[[ Entries shown, beginning ]]

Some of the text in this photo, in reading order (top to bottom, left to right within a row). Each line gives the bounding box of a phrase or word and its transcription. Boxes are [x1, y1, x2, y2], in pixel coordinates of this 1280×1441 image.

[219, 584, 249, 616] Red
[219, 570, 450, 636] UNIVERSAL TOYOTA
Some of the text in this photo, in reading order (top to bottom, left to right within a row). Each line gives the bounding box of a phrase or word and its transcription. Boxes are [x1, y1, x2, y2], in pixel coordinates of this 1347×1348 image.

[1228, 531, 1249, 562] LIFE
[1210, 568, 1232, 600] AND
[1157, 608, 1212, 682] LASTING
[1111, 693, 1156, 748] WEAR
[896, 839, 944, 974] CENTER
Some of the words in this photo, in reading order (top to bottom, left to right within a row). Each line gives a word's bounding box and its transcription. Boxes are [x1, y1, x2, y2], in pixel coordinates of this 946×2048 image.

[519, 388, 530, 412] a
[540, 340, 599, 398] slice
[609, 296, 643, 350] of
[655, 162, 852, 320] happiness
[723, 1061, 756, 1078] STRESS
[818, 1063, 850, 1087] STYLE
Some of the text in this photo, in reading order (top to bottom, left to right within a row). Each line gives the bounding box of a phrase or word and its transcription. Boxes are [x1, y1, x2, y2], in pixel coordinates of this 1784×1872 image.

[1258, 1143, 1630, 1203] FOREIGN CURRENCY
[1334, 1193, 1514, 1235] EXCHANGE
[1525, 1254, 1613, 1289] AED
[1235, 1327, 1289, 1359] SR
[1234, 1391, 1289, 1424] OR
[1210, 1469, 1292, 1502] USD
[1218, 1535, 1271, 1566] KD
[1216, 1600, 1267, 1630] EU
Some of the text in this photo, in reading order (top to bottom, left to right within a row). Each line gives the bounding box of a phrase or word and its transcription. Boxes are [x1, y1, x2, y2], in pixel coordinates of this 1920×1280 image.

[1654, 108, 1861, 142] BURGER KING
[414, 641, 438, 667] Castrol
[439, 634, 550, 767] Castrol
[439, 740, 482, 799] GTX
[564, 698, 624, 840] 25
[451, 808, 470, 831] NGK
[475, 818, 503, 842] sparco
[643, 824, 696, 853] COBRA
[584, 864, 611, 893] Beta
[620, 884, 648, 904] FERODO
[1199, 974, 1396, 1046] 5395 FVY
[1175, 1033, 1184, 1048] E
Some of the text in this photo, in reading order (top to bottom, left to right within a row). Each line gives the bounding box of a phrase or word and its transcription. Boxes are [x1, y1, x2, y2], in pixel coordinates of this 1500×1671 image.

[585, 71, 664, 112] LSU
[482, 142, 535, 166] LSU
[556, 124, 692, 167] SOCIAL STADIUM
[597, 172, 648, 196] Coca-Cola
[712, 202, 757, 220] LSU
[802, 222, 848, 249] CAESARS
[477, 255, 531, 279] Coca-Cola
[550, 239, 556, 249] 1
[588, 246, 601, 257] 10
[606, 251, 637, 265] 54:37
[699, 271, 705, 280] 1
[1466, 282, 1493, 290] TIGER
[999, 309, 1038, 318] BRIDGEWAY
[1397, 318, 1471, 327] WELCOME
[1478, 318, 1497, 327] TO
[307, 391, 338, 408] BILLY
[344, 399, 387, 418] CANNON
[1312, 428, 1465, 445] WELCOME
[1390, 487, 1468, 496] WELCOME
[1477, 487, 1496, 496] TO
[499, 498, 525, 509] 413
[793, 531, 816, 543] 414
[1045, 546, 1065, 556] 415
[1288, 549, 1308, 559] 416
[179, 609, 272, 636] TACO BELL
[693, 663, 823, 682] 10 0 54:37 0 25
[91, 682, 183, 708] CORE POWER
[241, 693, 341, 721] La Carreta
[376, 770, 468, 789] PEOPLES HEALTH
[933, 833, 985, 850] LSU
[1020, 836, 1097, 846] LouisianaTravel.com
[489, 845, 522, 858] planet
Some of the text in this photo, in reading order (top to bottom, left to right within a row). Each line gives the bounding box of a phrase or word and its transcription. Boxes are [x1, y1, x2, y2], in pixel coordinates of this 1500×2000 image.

[[ Entries shown, end ]]

Action item: Reproduce the data shown above in its entirety, keeping each word as it is.

Task result:
Some of the text in this photo, in reading order (top to bottom, left to right within a row). Each line gives the bounding box of a phrase or word and its transcription. Boxes are [x1, y1, x2, y2], in pixel coordinates of this 1280×1441 image.

[219, 584, 249, 616] Red
[219, 570, 450, 636] UNIVERSAL TOYOTA
Some of the text in this photo, in reading order (top to bottom, left to right within a row). Each line gives the bounding box of a phrase or word and its transcription. Boxes are [x1, y1, x2, y2], in pixel coordinates of this 1347×1348 image.

[1228, 531, 1249, 562] LIFE
[1210, 568, 1232, 600] AND
[1157, 608, 1212, 682] LASTING
[1111, 693, 1156, 748] WEAR
[896, 839, 944, 974] CENTER
Some of the words in this photo, in reading order (top to bottom, left to right within a row). Each line gives a word's bounding box and its transcription. Boxes are [x1, y1, x2, y2], in pixel coordinates of this 946×2048 image.

[519, 388, 530, 412] a
[540, 340, 599, 398] slice
[609, 296, 643, 350] of
[655, 162, 852, 320] happiness
[723, 1061, 756, 1078] STRESS
[818, 1063, 850, 1087] STYLE
Some of the text in this photo, in reading order (top to bottom, left to right within a row). Each line gives the bounding box of a phrase or word and its transcription. Boxes are [x1, y1, x2, y2], in pixel coordinates of this 1784×1872 image.

[1258, 1143, 1630, 1203] FOREIGN CURRENCY
[1334, 1193, 1514, 1235] EXCHANGE
[1525, 1254, 1613, 1289] AED
[1235, 1327, 1289, 1359] SR
[1234, 1391, 1289, 1424] OR
[1210, 1469, 1292, 1502] USD
[1218, 1535, 1271, 1566] KD
[1216, 1600, 1267, 1630] EU
Some of the text in this photo, in reading order (top to bottom, left to right within a row). Each line gives the bounding box of a phrase or word and its transcription. Boxes are [x1, y1, x2, y2], in pixel coordinates of this 1920×1280 image.

[1654, 108, 1861, 142] BURGER KING
[414, 641, 438, 667] Castrol
[439, 634, 550, 767] Castrol
[439, 740, 482, 799] GTX
[564, 698, 624, 840] 25
[451, 808, 470, 831] NGK
[475, 818, 503, 842] sparco
[643, 824, 696, 853] COBRA
[584, 864, 611, 893] Beta
[620, 884, 648, 904] FERODO
[1199, 974, 1396, 1046] 5395 FVY
[1175, 1033, 1184, 1048] E
Some of the text in this photo, in reading order (top to bottom, left to right within a row). Each line gives the bounding box of a phrase or word and its transcription. Boxes are [x1, y1, x2, y2], in pixel coordinates of this 1500×1671 image.

[585, 71, 664, 112] LSU
[482, 142, 535, 166] LSU
[556, 124, 692, 167] SOCIAL STADIUM
[597, 172, 648, 196] Coca-Cola
[712, 202, 757, 220] LSU
[802, 222, 848, 249] CAESARS
[477, 255, 531, 279] Coca-Cola
[550, 239, 556, 249] 1
[588, 246, 601, 257] 10
[606, 251, 637, 265] 54:37
[699, 271, 705, 280] 1
[1466, 282, 1493, 290] TIGER
[999, 309, 1038, 318] BRIDGEWAY
[1397, 318, 1471, 327] WELCOME
[1478, 318, 1497, 327] TO
[307, 391, 338, 408] BILLY
[344, 399, 387, 418] CANNON
[1312, 428, 1465, 445] WELCOME
[1390, 487, 1468, 496] WELCOME
[1477, 487, 1496, 496] TO
[499, 498, 525, 509] 413
[793, 531, 816, 543] 414
[1045, 546, 1065, 556] 415
[1288, 549, 1308, 559] 416
[179, 609, 272, 636] TACO BELL
[693, 663, 823, 682] 10 0 54:37 0 25
[91, 682, 183, 708] CORE POWER
[241, 693, 341, 721] La Carreta
[376, 770, 468, 789] PEOPLES HEALTH
[933, 833, 985, 850] LSU
[1020, 836, 1097, 846] LouisianaTravel.com
[489, 845, 522, 858] planet
Some of the text in this photo, in reading order (top to bottom, left to right within a row). Each line gives the bounding box of a phrase or word and its transcription. Boxes are [x1, y1, x2, y2], in pixel coordinates of this 1500×2000 image.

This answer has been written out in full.